Believe the data: Important Safra Lab Research results

In my capacity as director of the Edmond J. Safra Center for Ethics, which runs a Lab studying “institutional corruption,” I am incredibly happy to report this very significant finding in a study we helped to support. 

A string of researchers (Aaron S. Kesselheim, M.D., J.D., M.P.H., Christopher T. Robertson, Ph.D., J.D., Jessica A. Myers, Ph.D., Susannah L. Rose, Ph.D., Victoria Gillet, B.A., Kathryn M. Ross, M.B.E., Robert J. Glynn, Ph.D., Steven Joffe, M.D., and Jerry Avorn, M.D.) ran tests to determine whether researchers discount research based upon whether it was funded by industry.

The conclusion published today in the New England Journal of Medicine is: they do — regardless of the merit of the underlying research.
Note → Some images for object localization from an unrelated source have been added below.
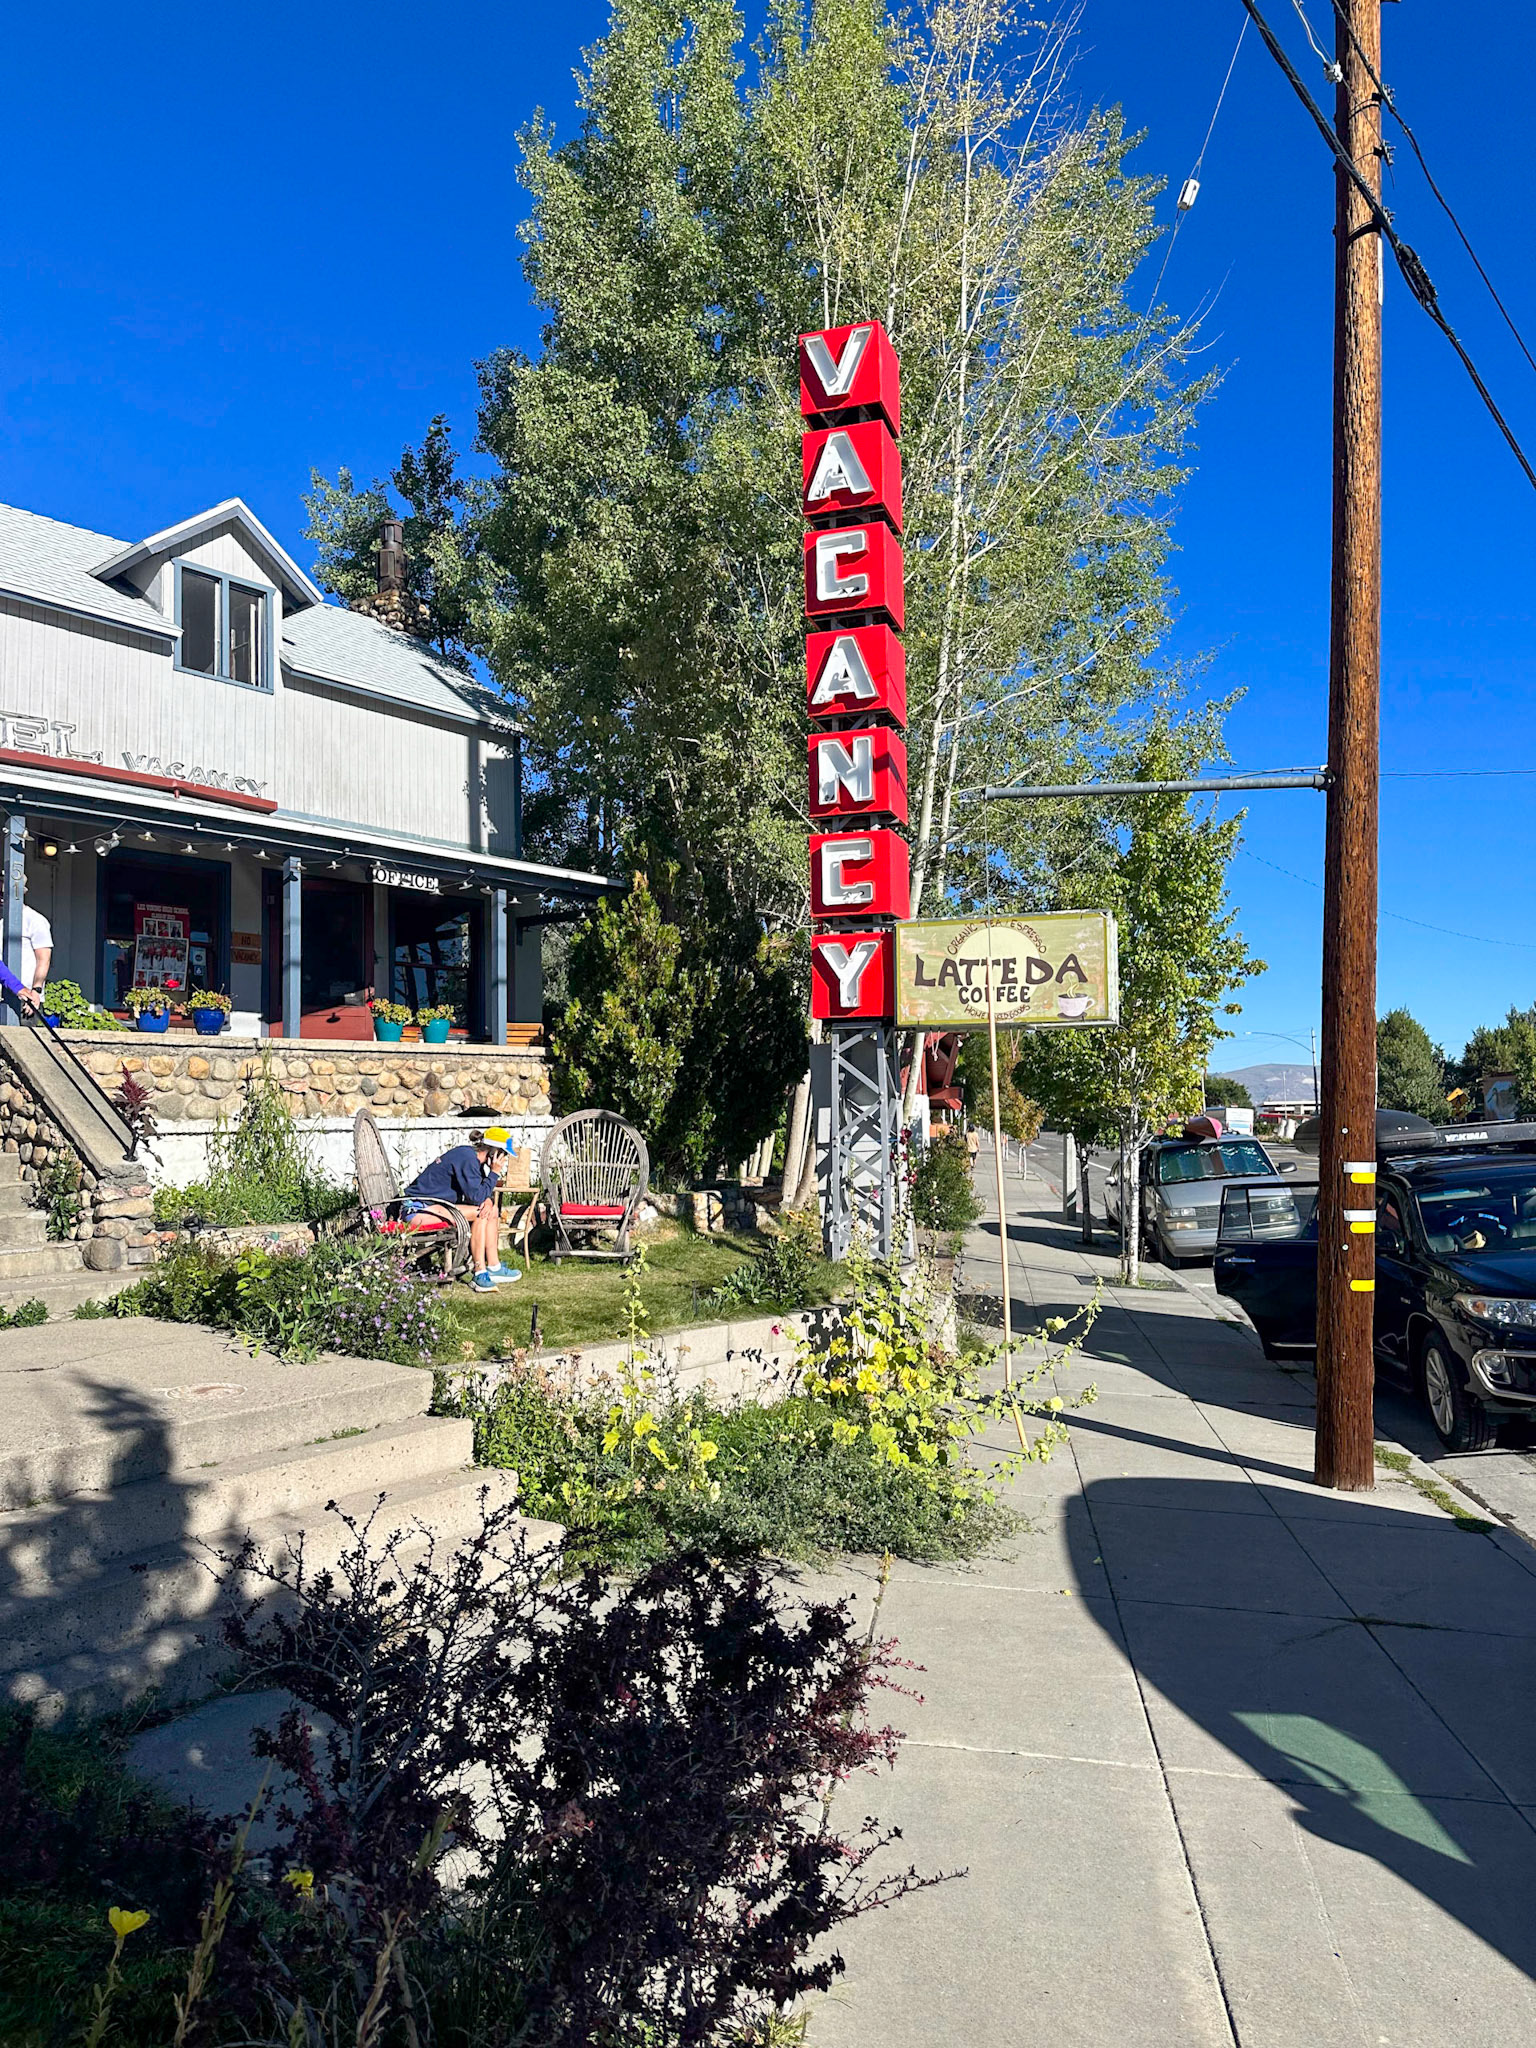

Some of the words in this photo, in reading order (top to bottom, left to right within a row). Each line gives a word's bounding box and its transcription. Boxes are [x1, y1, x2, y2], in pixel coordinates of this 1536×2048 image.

[802, 325, 881, 1008] VACANCY
[121, 752, 267, 798] VACANCY
[947, 923, 977, 955] ORGANIC
[1010, 919, 1047, 954] ESPRESSO
[914, 954, 1018, 987] LATTE
[1026, 953, 1088, 985] DA
[1445, 1132, 1488, 1142] YAKIMA
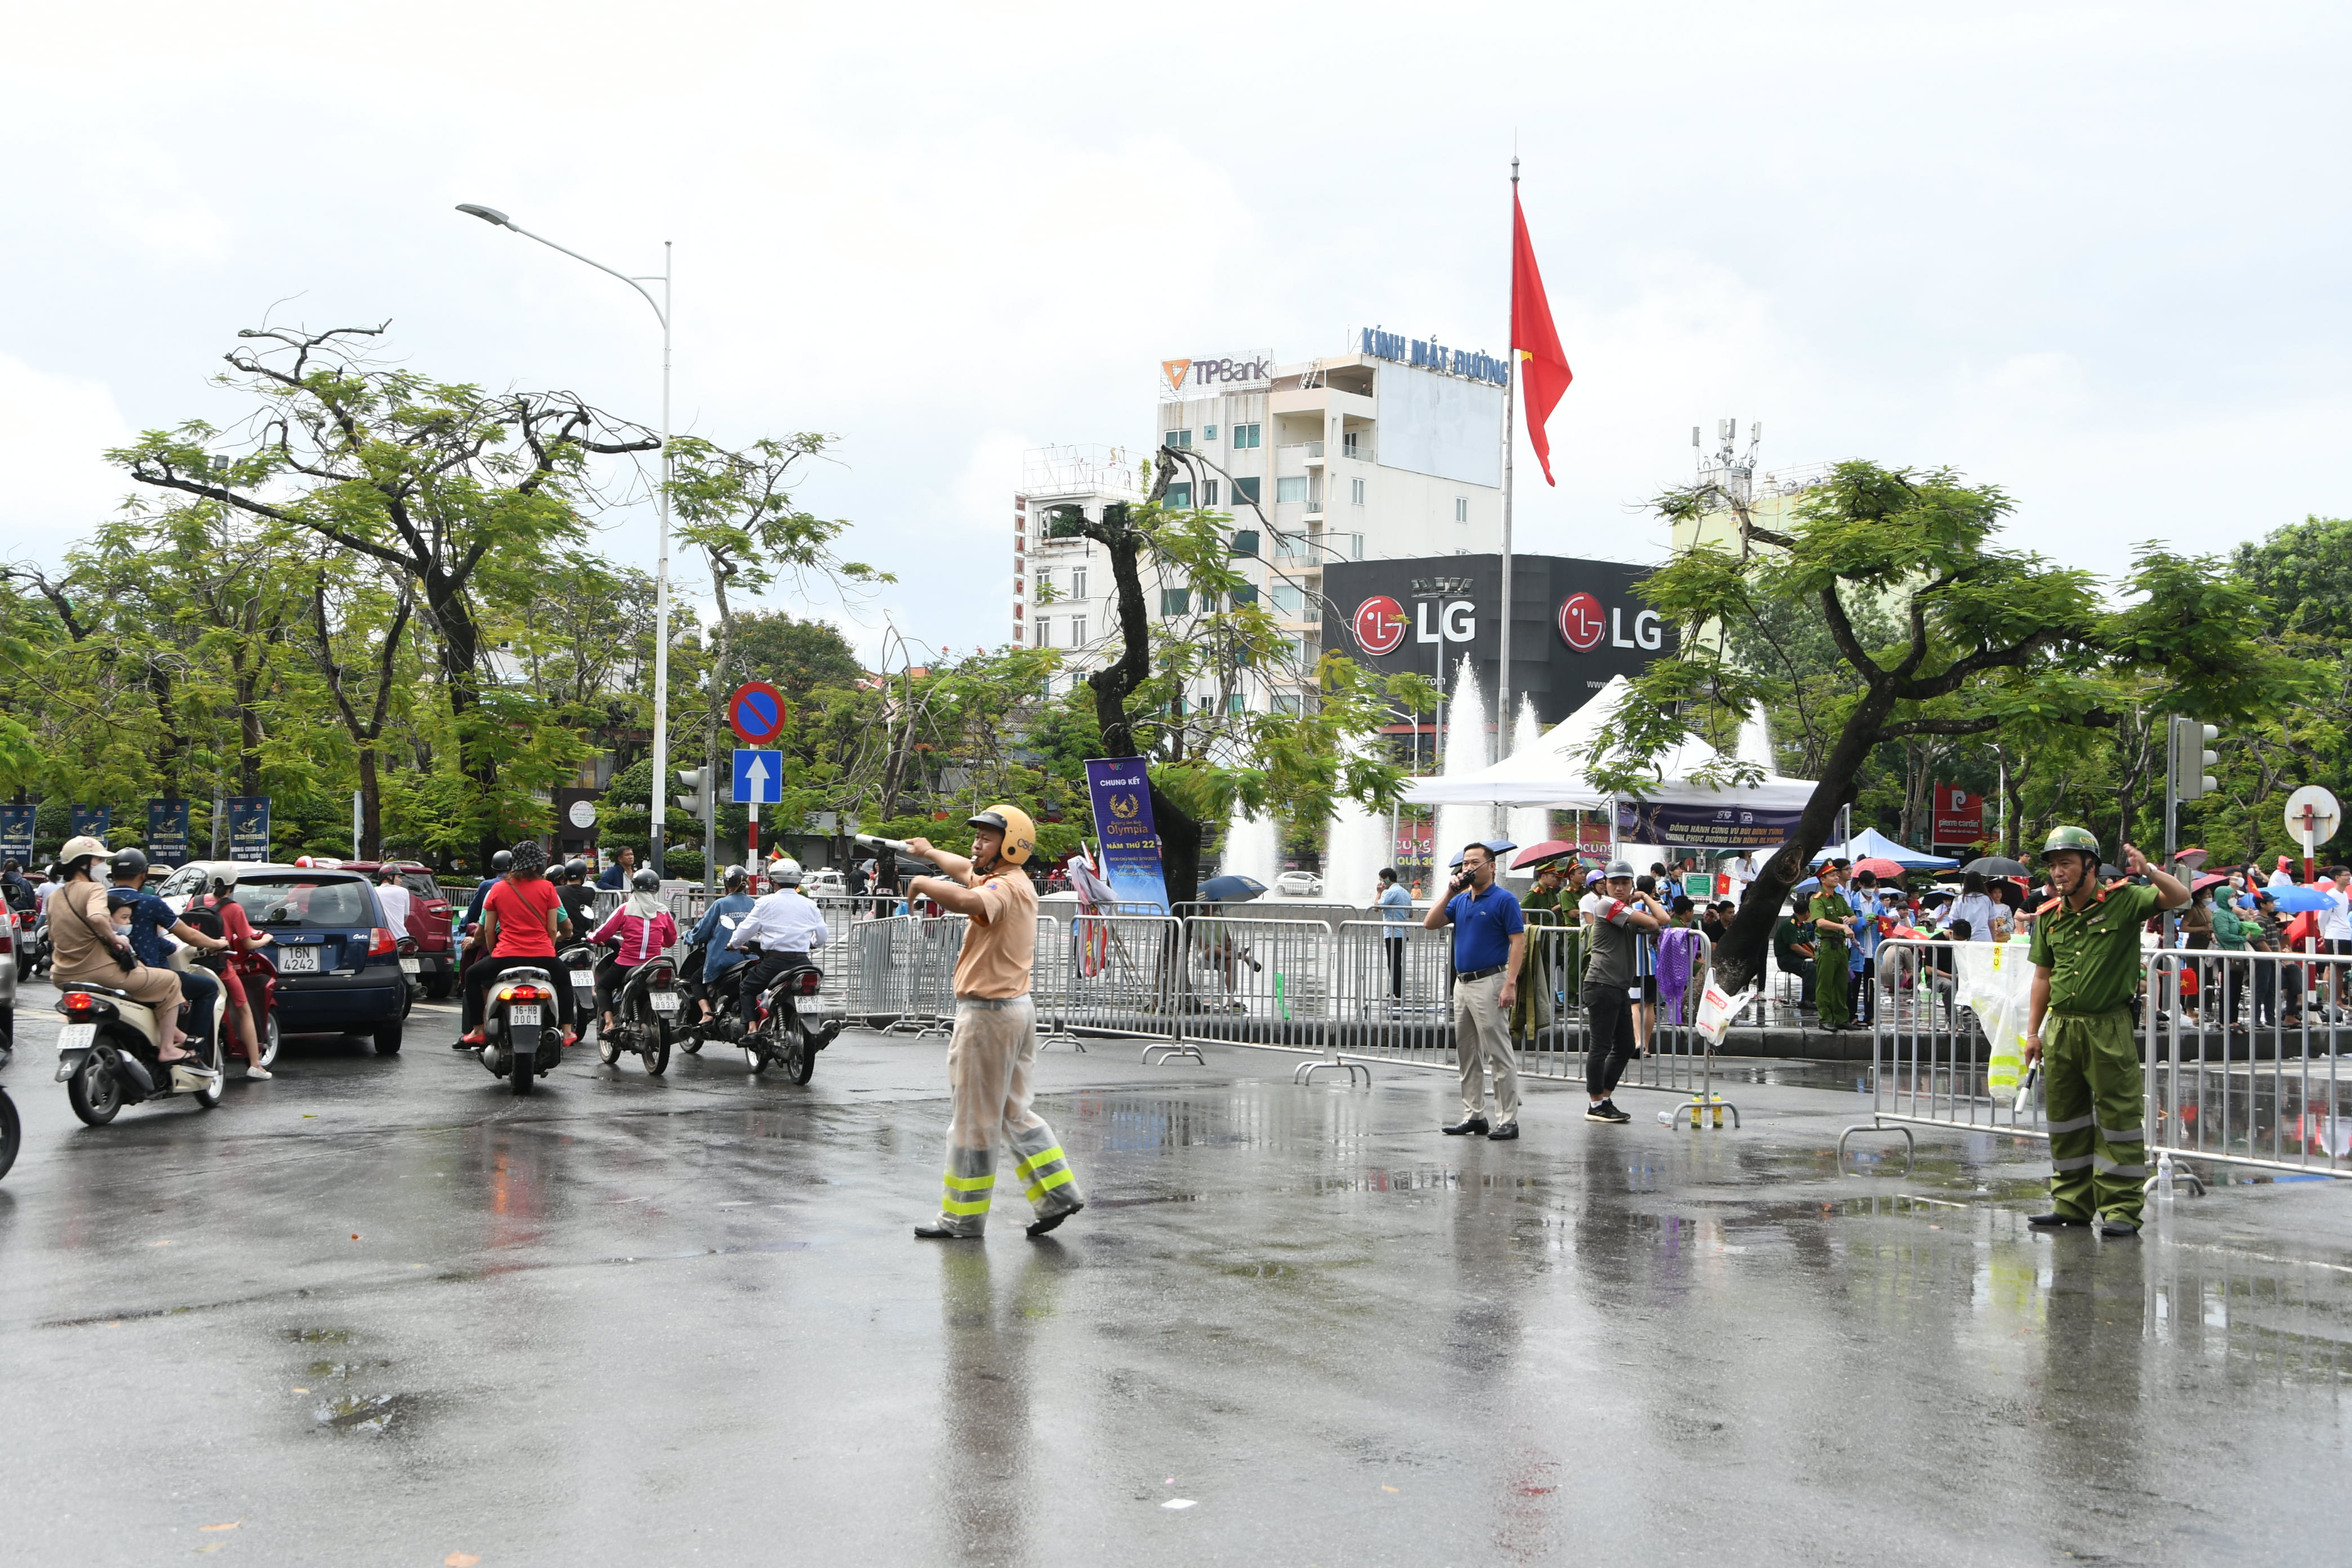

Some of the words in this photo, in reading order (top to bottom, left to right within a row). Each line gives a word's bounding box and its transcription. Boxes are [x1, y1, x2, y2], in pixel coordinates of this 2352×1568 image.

That is, regardless of how rigorous the underlying work is, the fact it has industry funding leads doctors to be less confident about the results. 

This is an important result. It is also an encouraging result. (Al)Most (all) in industry who fund research believe they are funding “the truth.” If the fact of their funding the research leads people to doubt “the truth,” that might lead them to fund the research differently — a donation to neutral funding entity, e.g. 

Or put differently: if industry funding is viewed as corrupting, then this research demonstrates: corruption doesn’t pay. 

The research is here. The Journal also has an editorial about the piece.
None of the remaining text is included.